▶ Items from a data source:
↓

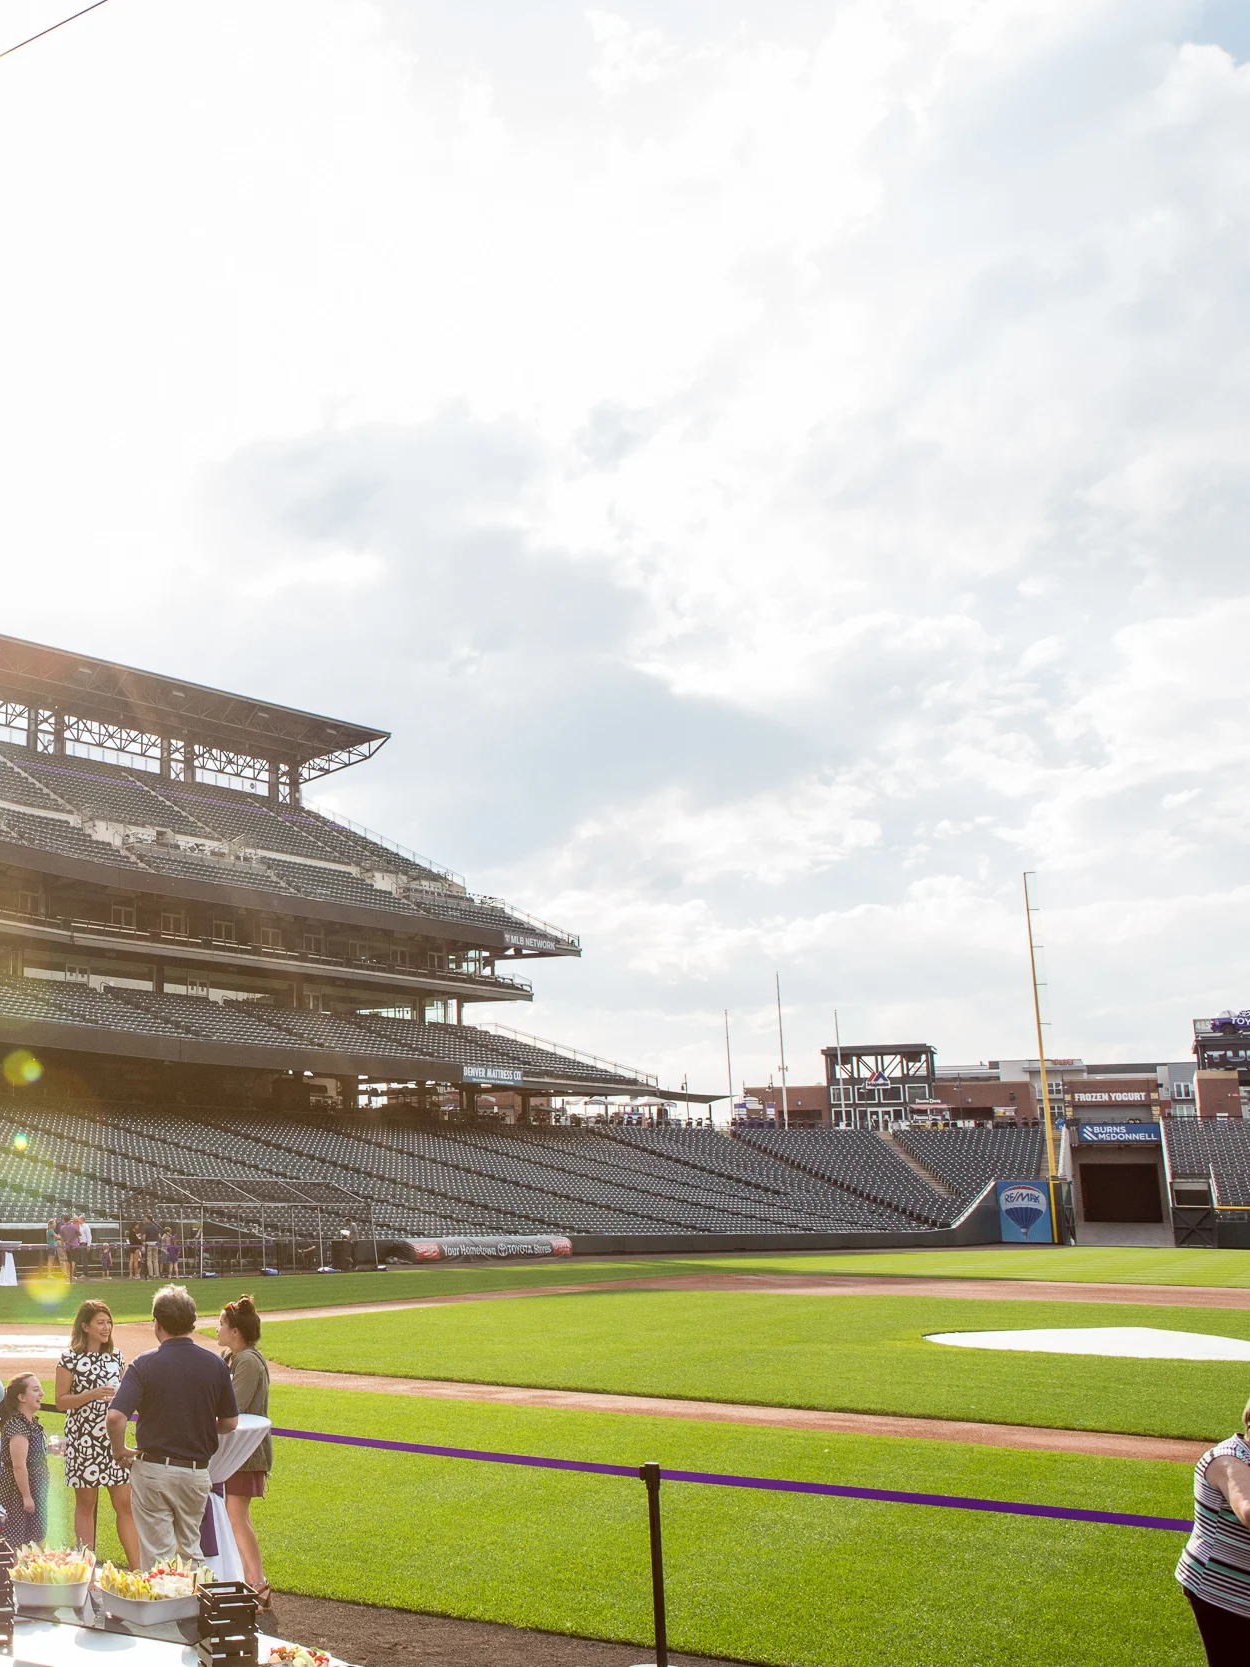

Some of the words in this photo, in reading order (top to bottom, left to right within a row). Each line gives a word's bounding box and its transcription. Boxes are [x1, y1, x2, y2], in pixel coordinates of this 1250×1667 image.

[511, 935, 525, 945] MLB
[525, 937, 556, 950] NETWORK
[463, 1066, 486, 1078] DENVER
[486, 1068, 513, 1080] MATTRESS
[1074, 1093, 1108, 1101] FROZEN
[1110, 1092, 1146, 1101] YOGURT
[1004, 1191, 1040, 1203] RE/MAX
[442, 1244, 459, 1256] Your
[460, 1245, 497, 1256] Hometown
[507, 1244, 533, 1254] TOYOTA
[533, 1244, 552, 1254] Stores
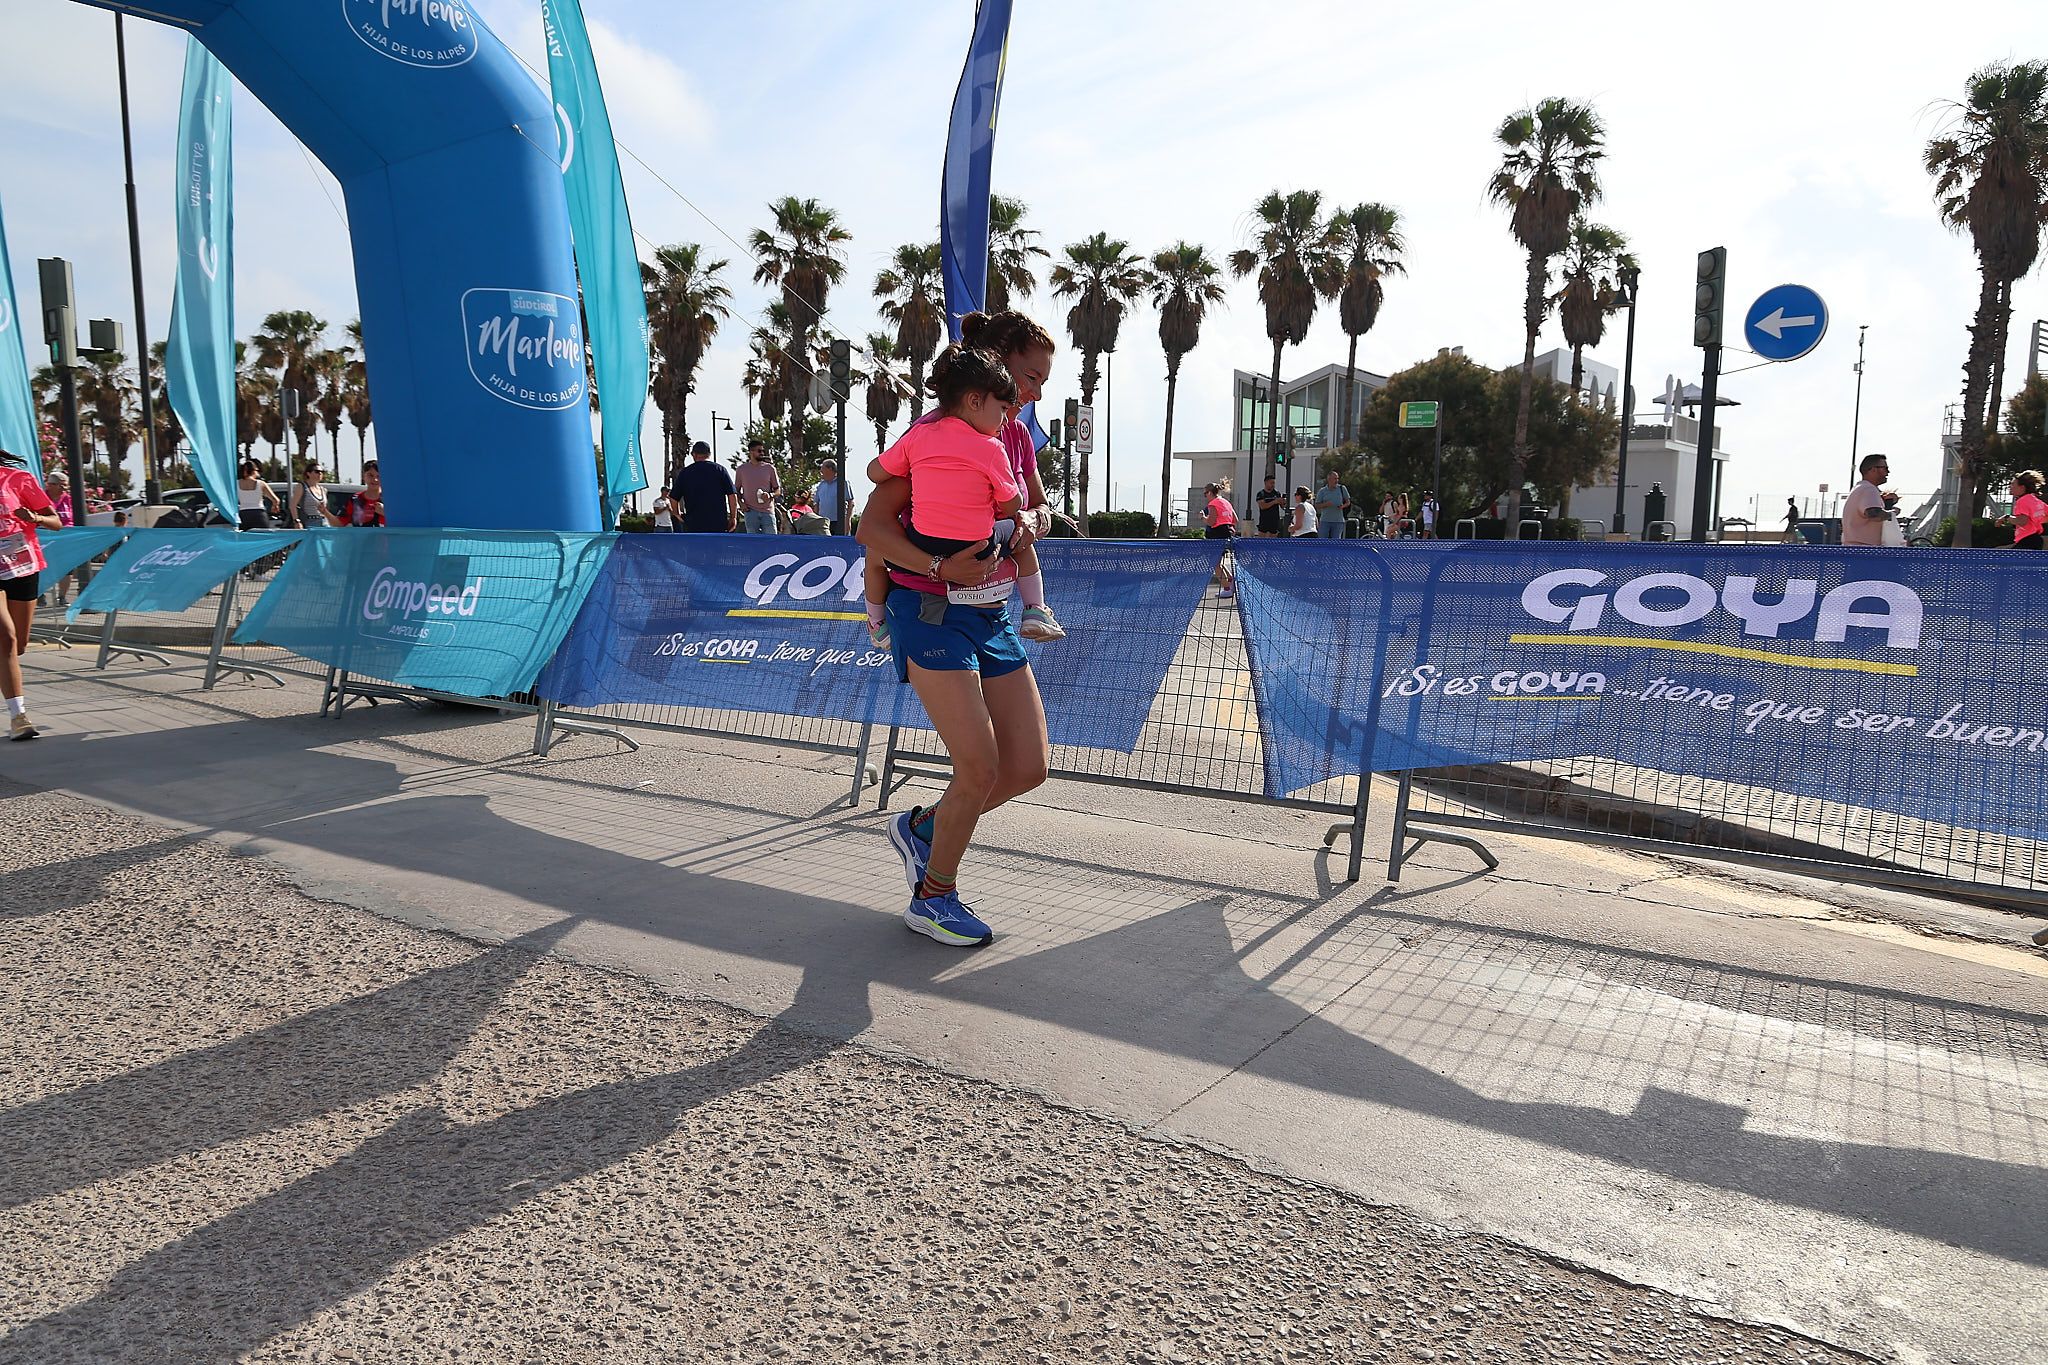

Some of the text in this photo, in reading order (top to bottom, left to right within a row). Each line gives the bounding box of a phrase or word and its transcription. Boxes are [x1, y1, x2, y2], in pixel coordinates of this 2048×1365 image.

[361, 22, 466, 61] HIJA DE LOS ALPES
[542, 0, 564, 57] AMPO
[478, 316, 580, 377] Marlene
[489, 373, 580, 402] HIJA DE LOS ALPES
[628, 456, 638, 481] Cumple
[363, 566, 483, 620] Compeed
[743, 553, 867, 605] GO
[388, 624, 430, 639] AMPOLLAS
[1521, 568, 1924, 650] GOYA
[682, 640, 704, 658] es
[703, 638, 758, 658] GOYA
[809, 648, 855, 677] que
[856, 650, 894, 667] ser
[1443, 674, 1485, 696] es
[1490, 671, 1607, 696] GOYA
[1744, 697, 1825, 734] que
[1835, 706, 1916, 733] ser
[1925, 703, 2048, 752] buen
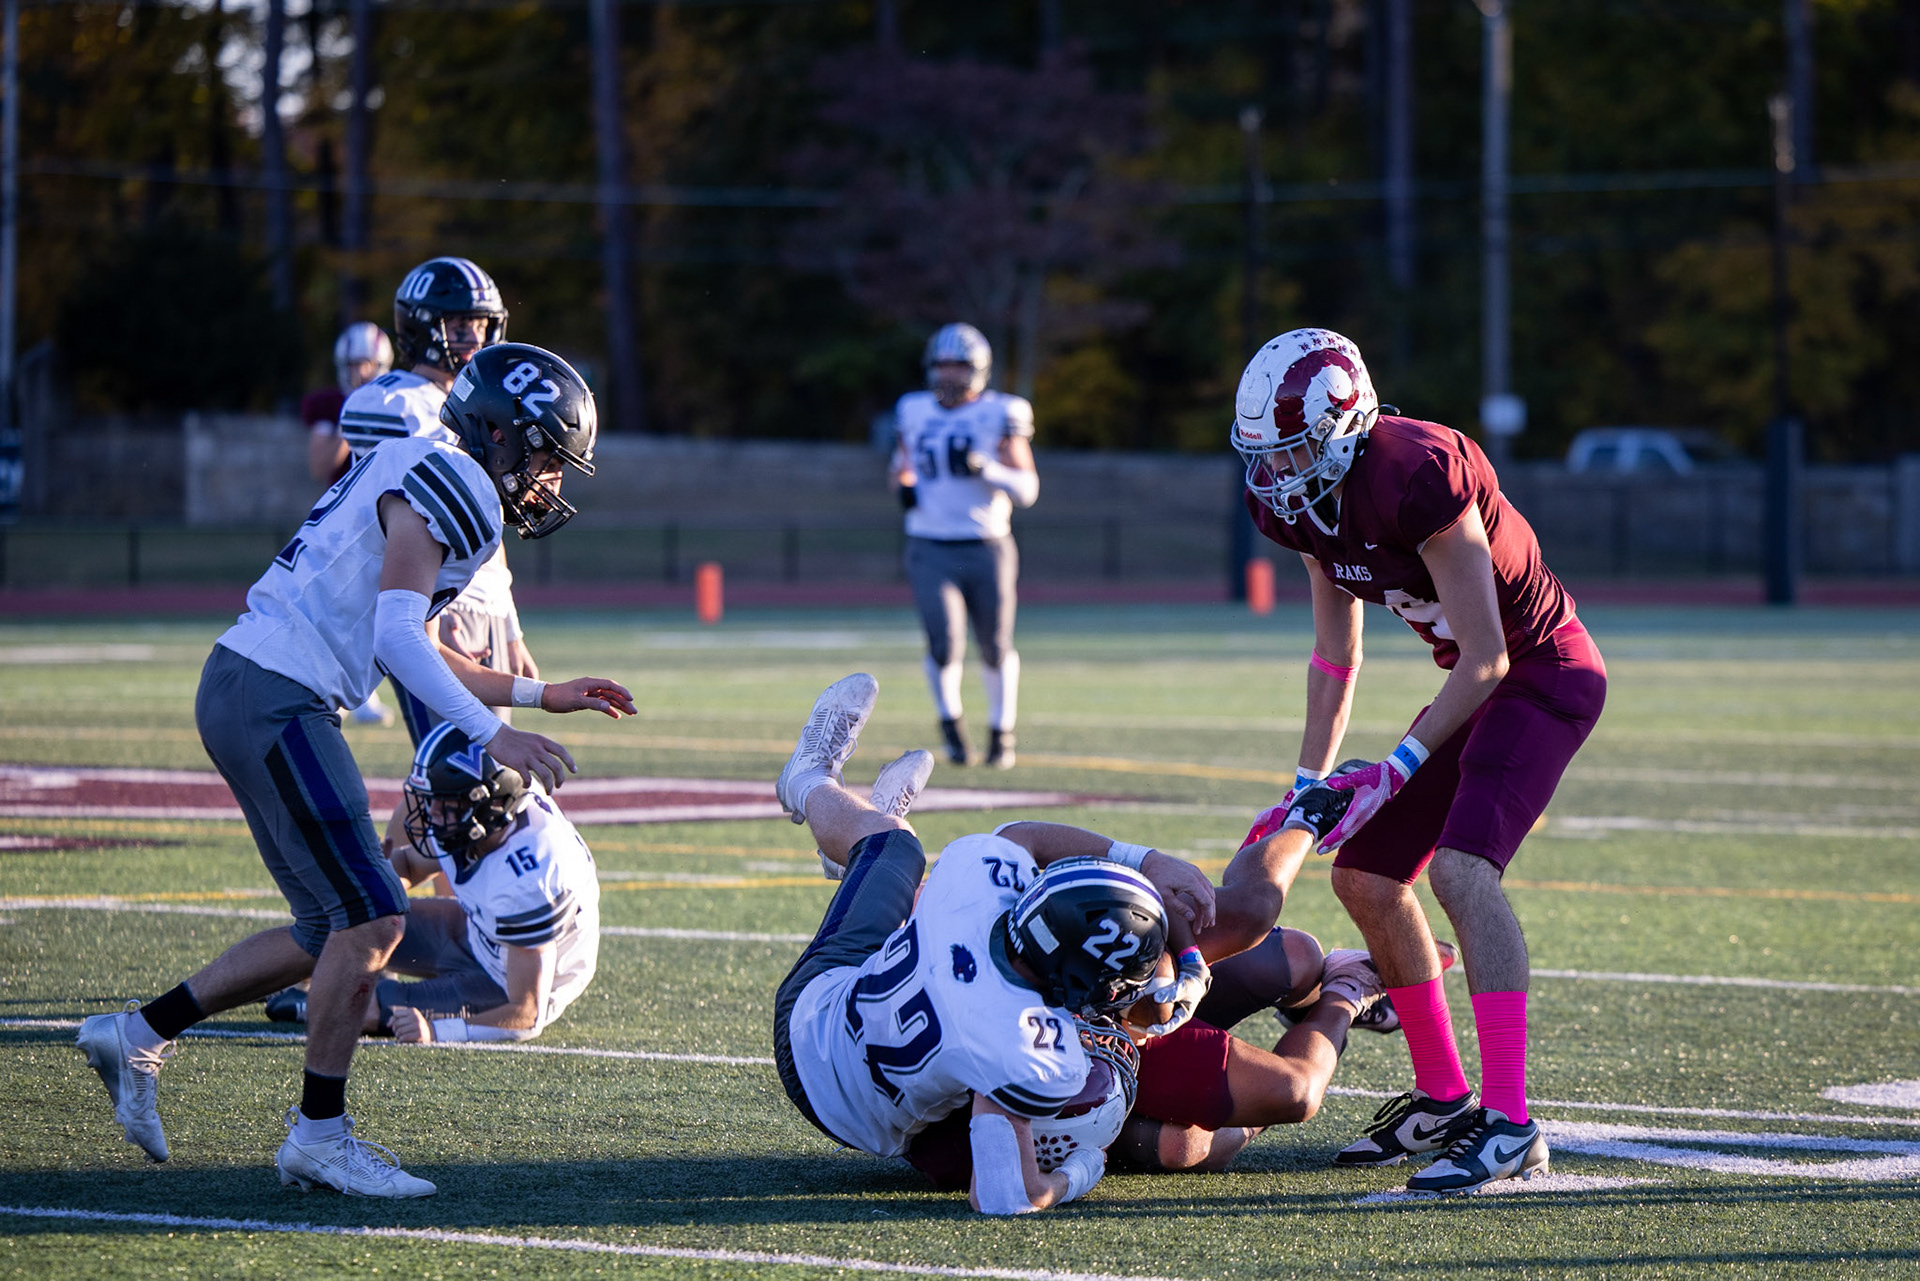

↑

▶ TASK TO CARRY OUT:
Each line of the records is to be reproduced exactly, and each picture dropped.

▶ SOLUTION TO THIS EXERCISE:
Some of the words in this photo, in reading order (top to bottom, left to right within a row). Each line gives a word's bounding box and its transcription. Boxes are [x1, y1, x2, y2], in pixel coordinates of this 1250×1667 image.

[511, 935, 525, 945] MLB
[525, 937, 556, 950] NETWORK
[463, 1066, 486, 1078] DENVER
[486, 1068, 513, 1080] MATTRESS
[1074, 1093, 1108, 1101] FROZEN
[1110, 1092, 1146, 1101] YOGURT
[1004, 1191, 1040, 1203] RE/MAX
[442, 1244, 459, 1256] Your
[460, 1245, 497, 1256] Hometown
[507, 1244, 533, 1254] TOYOTA
[533, 1244, 552, 1254] Stores

Some of the text in this photo, in reading order (top to bottom, left to right within a row). Each line gives the bounding box of a phrase or word and its transcription. Boxes are [x1, y1, x2, y2], in pixel coordinates of this 2048×1365 image.

[361, 22, 466, 61] HIJA DE LOS ALPES
[542, 0, 564, 57] AMPO
[478, 316, 580, 377] Marlene
[489, 373, 580, 402] HIJA DE LOS ALPES
[628, 456, 638, 481] Cumple
[363, 566, 483, 620] Compeed
[743, 553, 867, 605] GO
[388, 624, 430, 639] AMPOLLAS
[1521, 568, 1924, 650] GOYA
[682, 640, 704, 658] es
[703, 638, 758, 658] GOYA
[809, 648, 855, 677] que
[856, 650, 894, 667] ser
[1443, 674, 1485, 696] es
[1490, 671, 1607, 696] GOYA
[1744, 697, 1825, 734] que
[1835, 706, 1916, 733] ser
[1925, 703, 2048, 752] buen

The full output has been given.